By the time she sat across from the chair, she had already told her story. She did not lean back. She did not turn her head fully when spoken to from the side. She turned her eyes first, her shoulders next, and only then, carefully, her neck.
She said the pain had “come slowly.”
Slowly is often how the spine teaches us to listen.
Initially, it was only stiffness upon waking. She blamed the pillow. Then it began to stay through the day, settling between the shoulders like an uninvited thought. By evening, the pain would travel down the arm into the fingers, leaving a faint tingling, as if the hand had briefly forgotten itself.
She worked long hours at a desk. She looked down often at papers, at screens, at responsibilities. Her body had adapted quietly, bending forward without complaint, until one day it could not return to neutral.
There was no trauma she could recall. No single moment to blame. Only years of pain and suffering.
Upon examination, the neck resisted movement, particularly in extension and rotation. Palpation revealed tenderness along the cervical paraspinal muscles. Neurologically, she was intact, but the Spurling’s maneuver whispered what she had already been living with: nerve irritation, subtle but persistent.

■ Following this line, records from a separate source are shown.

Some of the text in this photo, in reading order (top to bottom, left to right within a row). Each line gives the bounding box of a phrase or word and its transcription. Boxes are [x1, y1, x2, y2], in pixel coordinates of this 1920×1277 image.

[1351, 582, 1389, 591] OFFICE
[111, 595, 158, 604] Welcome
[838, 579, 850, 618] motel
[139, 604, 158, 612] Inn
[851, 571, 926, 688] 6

The X-ray confirmed what the body had been expressing in its own language:
marginal osteophytes, and narrowing of the disc space.
Cervical spondylosis.
A word that sounds heavier than the patient feels until she understands it.
Dr. Sujit Sir explained to her that this was not a sudden disease. It was a conversation between time, posture, muscle fatigue, and gravity. That her spine had been compensating for years, and now it was asking for help.
She listened carefully.
What stayed with me was not her pain score, but her question:
“Will I be able to turn my head freely again?”

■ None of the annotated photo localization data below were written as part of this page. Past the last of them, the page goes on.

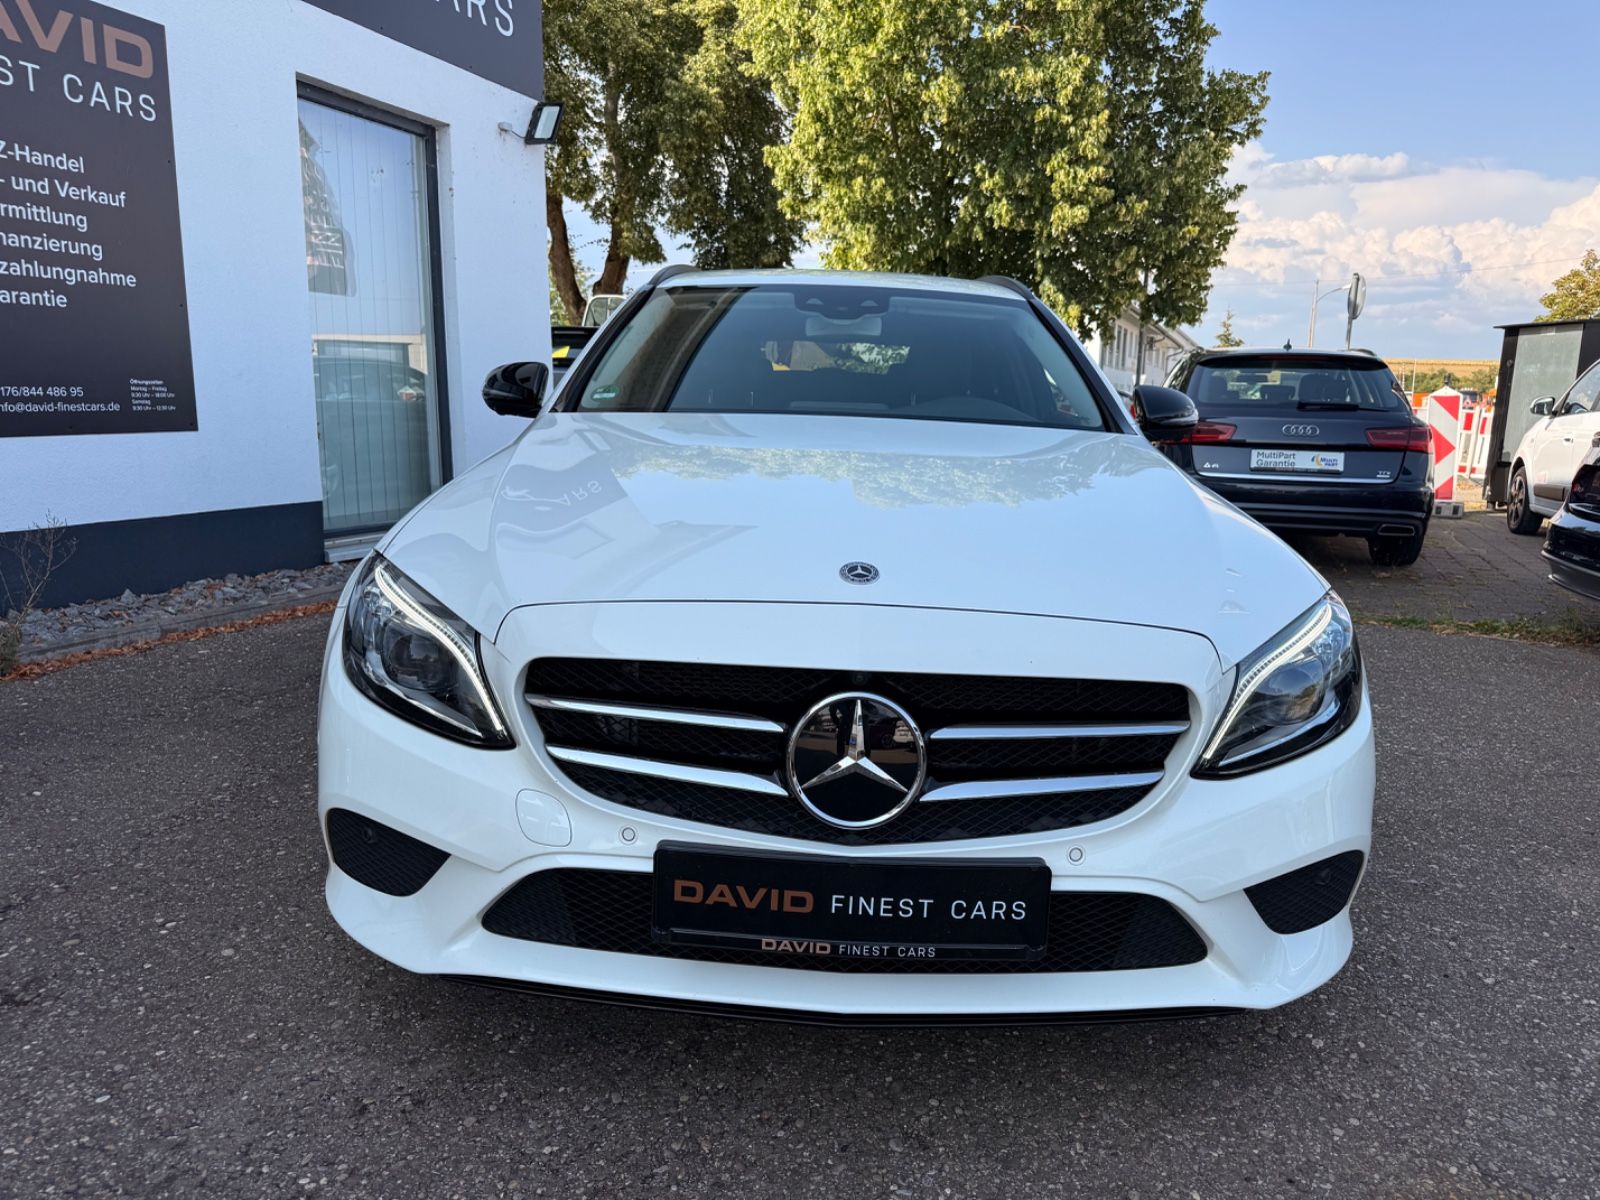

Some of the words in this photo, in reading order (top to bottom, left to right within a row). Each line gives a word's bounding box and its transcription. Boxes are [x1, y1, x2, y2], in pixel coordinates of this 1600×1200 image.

[62, 73, 157, 122] CARS
[11, 175, 50, 195] und
[54, 178, 126, 208] Verkauf
[0, 289, 67, 307] arantie
[46, 386, 67, 397] 486
[70, 386, 84, 397] 95
[1256, 451, 1296, 460] MultiPart
[1256, 459, 1296, 467] Garantie
[673, 879, 815, 914] DAVID
[831, 895, 934, 919] FINEST
[950, 900, 1027, 921] CARS
[761, 938, 831, 955] DAVID
[838, 944, 890, 957] FINEST
[897, 946, 936, 958] CARS

It was not about the neck. It was about ease and the functioning of the body without discomfort.
Dr. Sujit explained regarding posture, gentle movement, warmth, and medicine, not just to suppress pain but to invite healing. Considering her complaint as a whole, a well-curated treatment was given.
Over the next few weeks, the pain softened. The tingling faded. Sleep returned first. Movement followed.

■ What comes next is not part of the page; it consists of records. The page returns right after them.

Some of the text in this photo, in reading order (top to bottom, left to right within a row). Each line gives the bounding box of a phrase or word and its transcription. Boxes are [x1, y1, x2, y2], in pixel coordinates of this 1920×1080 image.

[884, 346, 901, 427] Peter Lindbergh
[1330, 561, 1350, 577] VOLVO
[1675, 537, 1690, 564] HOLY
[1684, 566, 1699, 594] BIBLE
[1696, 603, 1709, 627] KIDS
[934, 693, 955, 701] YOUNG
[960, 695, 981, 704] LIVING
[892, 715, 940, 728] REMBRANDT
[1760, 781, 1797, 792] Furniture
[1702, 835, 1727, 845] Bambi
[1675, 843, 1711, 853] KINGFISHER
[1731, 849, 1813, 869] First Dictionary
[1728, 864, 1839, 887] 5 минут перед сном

At her follow-up during the 3rd month of the visit, she turned her head to look at me fully before answering. It was a small movement. It feels so good without pain
Cervical spondylosis is often called a degenerative condition. But degeneration is not decay; it is adaptation gone too far. The body does not fail suddenly. It bends, adjusts, and compensates, and only later asks us to notice.
Dr. Sujit always says we learn early that the spine carries more than nerves and discs. It carries habits. Postures. Years of looking down. Years of holding things up.